§ **Prompt**: An exact copy of the entries, with every picture omitted, is what is needed here.

§ **Available data**:
====================
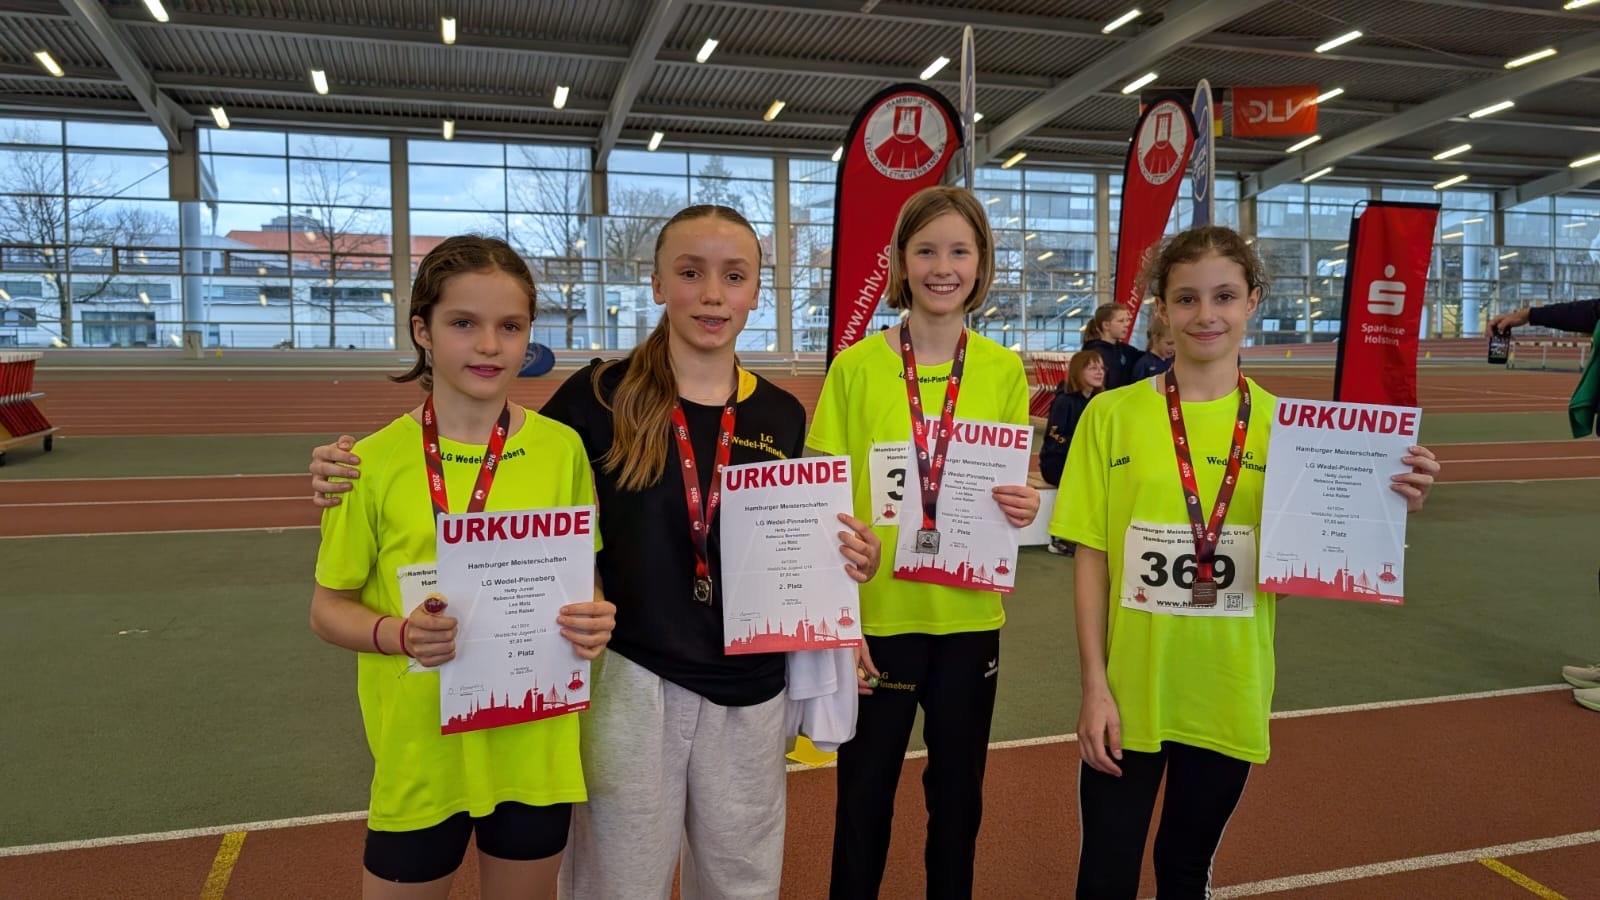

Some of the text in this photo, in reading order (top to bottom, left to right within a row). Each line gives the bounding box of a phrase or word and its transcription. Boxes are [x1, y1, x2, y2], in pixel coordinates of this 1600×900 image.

[1278, 402, 1417, 436] URKUNDE
[760, 432, 774, 443] LG
[441, 452, 453, 462] LG
[1295, 445, 1388, 458] Hamburger Meisterschaften
[726, 460, 848, 491] URKUNDE
[744, 504, 779, 512] Hamburger
[443, 510, 591, 545] URKUNDE
[1330, 530, 1347, 538] Platz
[467, 556, 567, 570] Hamburger Meisterschaften
[1140, 551, 1236, 590] 369
[481, 575, 556, 587] LG Wedel-Pinneberg
[517, 649, 535, 657] Platz
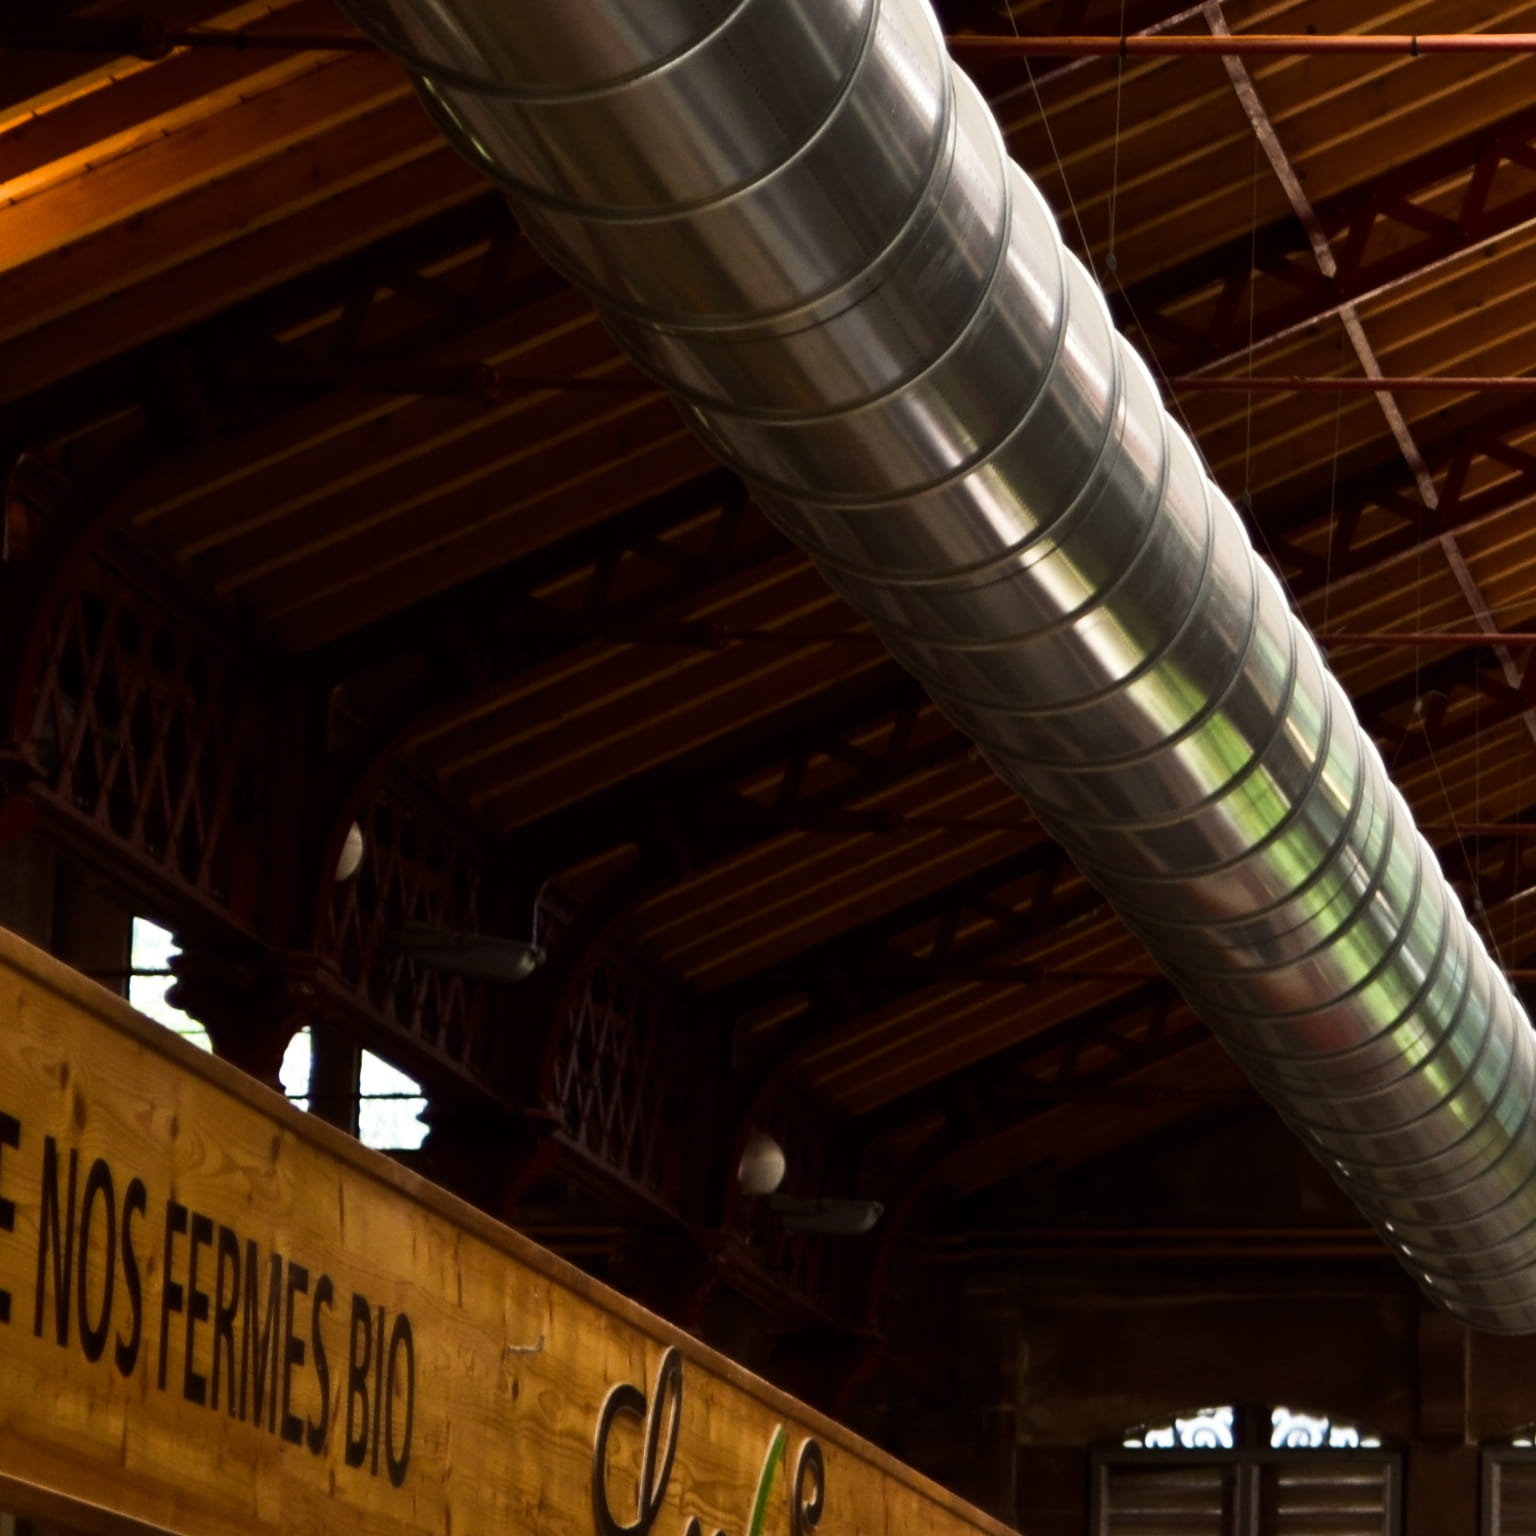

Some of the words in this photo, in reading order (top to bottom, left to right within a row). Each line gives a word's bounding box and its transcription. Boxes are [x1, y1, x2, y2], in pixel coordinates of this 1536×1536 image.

[34, 1135, 147, 1378] NOS
[157, 1200, 334, 1456] FERMES
[345, 1292, 415, 1488] BIO
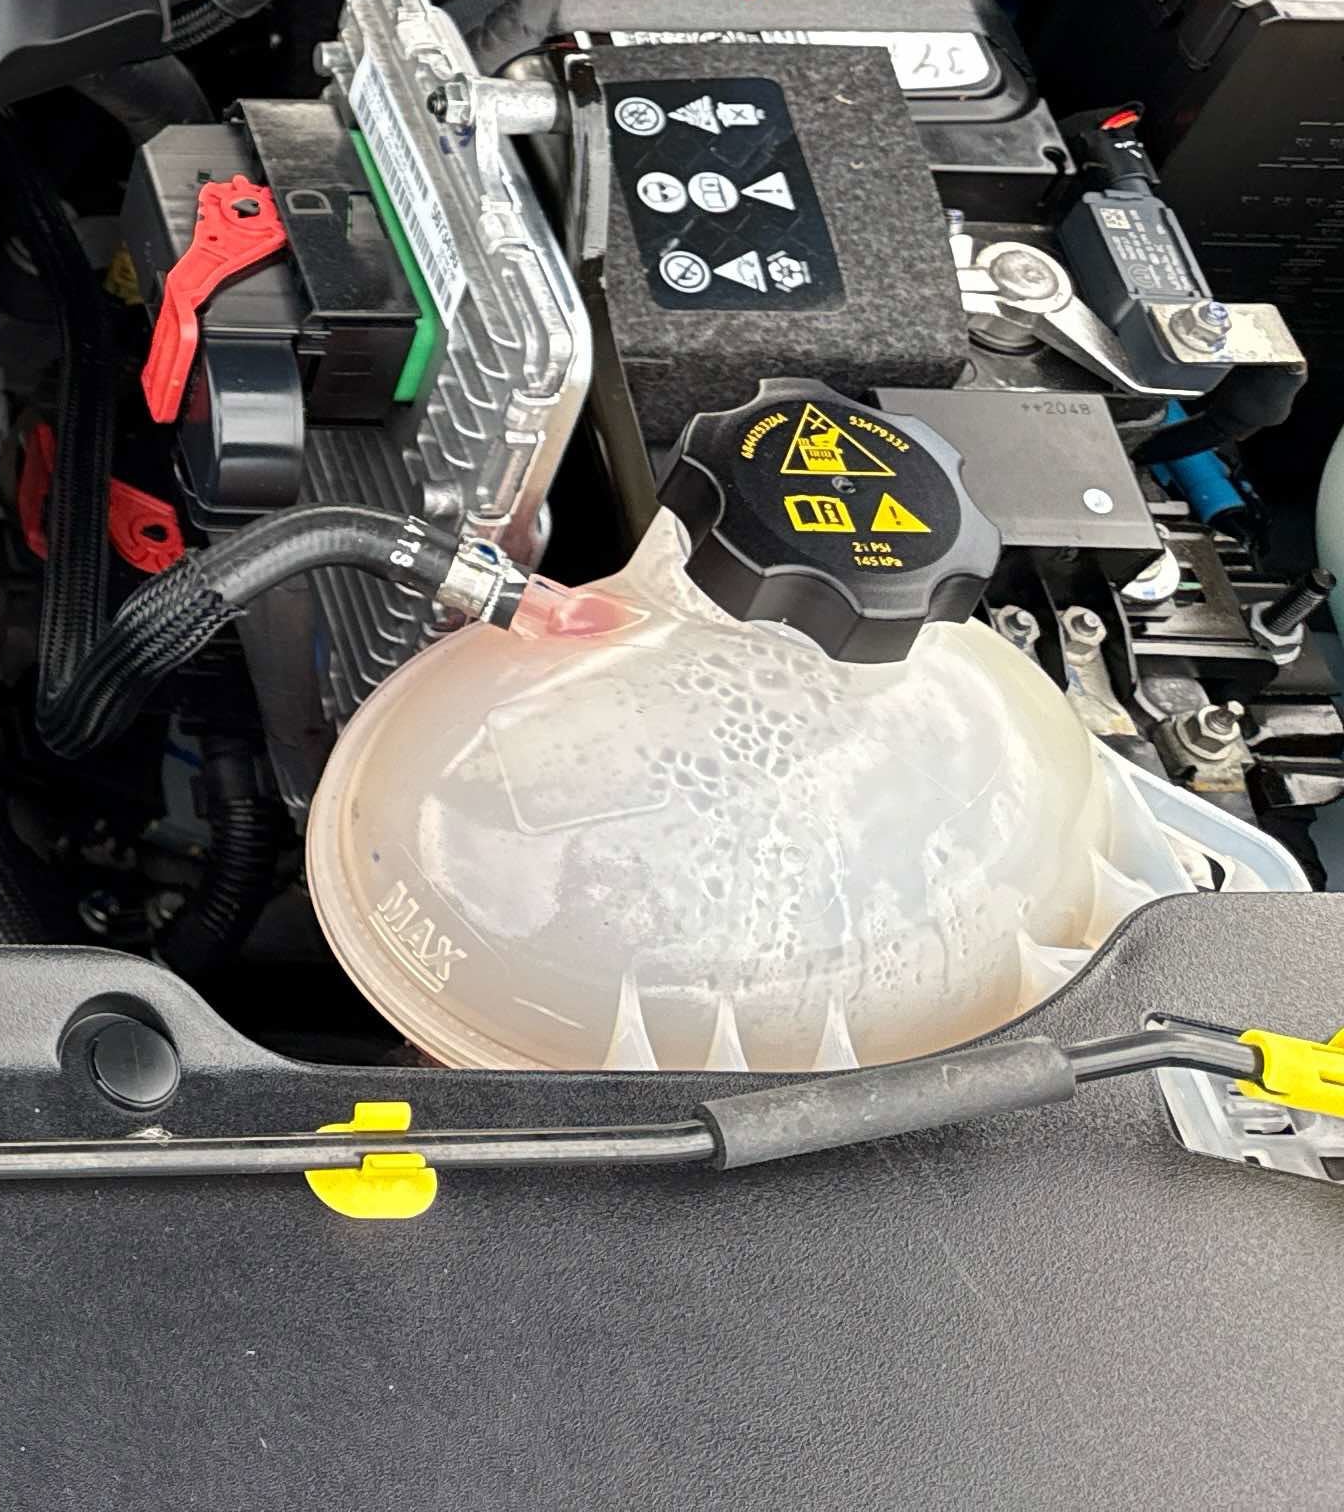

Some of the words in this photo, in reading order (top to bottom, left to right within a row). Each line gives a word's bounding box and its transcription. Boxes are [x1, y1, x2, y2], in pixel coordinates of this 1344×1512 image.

[869, 541, 892, 553] PSI
[879, 555, 904, 567] kPa
[376, 879, 469, 982] MAX
====================
§ **Response to this exercise**:
Some of the text in this photo, in reading order (top to bottom, left to right within a row). Each line gives the bounding box of a phrase or word and its transcription. Boxes are [x1, y1, x2, y2], in pixel coordinates of this 1600×900 image.

[1278, 402, 1417, 436] URKUNDE
[760, 432, 774, 443] LG
[441, 452, 453, 462] LG
[1295, 445, 1388, 458] Hamburger Meisterschaften
[726, 460, 848, 491] URKUNDE
[744, 504, 779, 512] Hamburger
[443, 510, 591, 545] URKUNDE
[1330, 530, 1347, 538] Platz
[467, 556, 567, 570] Hamburger Meisterschaften
[1140, 551, 1236, 590] 369
[481, 575, 556, 587] LG Wedel-Pinneberg
[517, 649, 535, 657] Platz

Some of the words in this photo, in reading order (top to bottom, left to right within a row). Each line gives a word's bounding box and its transcription. Boxes are [x1, y1, x2, y2], in pixel coordinates of this 1536×1536 image.

[34, 1135, 147, 1378] NOS
[157, 1200, 334, 1456] FERMES
[345, 1292, 415, 1488] BIO

Some of the words in this photo, in reading order (top to bottom, left to right within a row). Each line gives a word's bounding box and its transcription. Boxes are [x1, y1, x2, y2], in pixel coordinates of this 1344×1512 image.

[869, 541, 892, 553] PSI
[879, 555, 904, 567] kPa
[376, 879, 469, 982] MAX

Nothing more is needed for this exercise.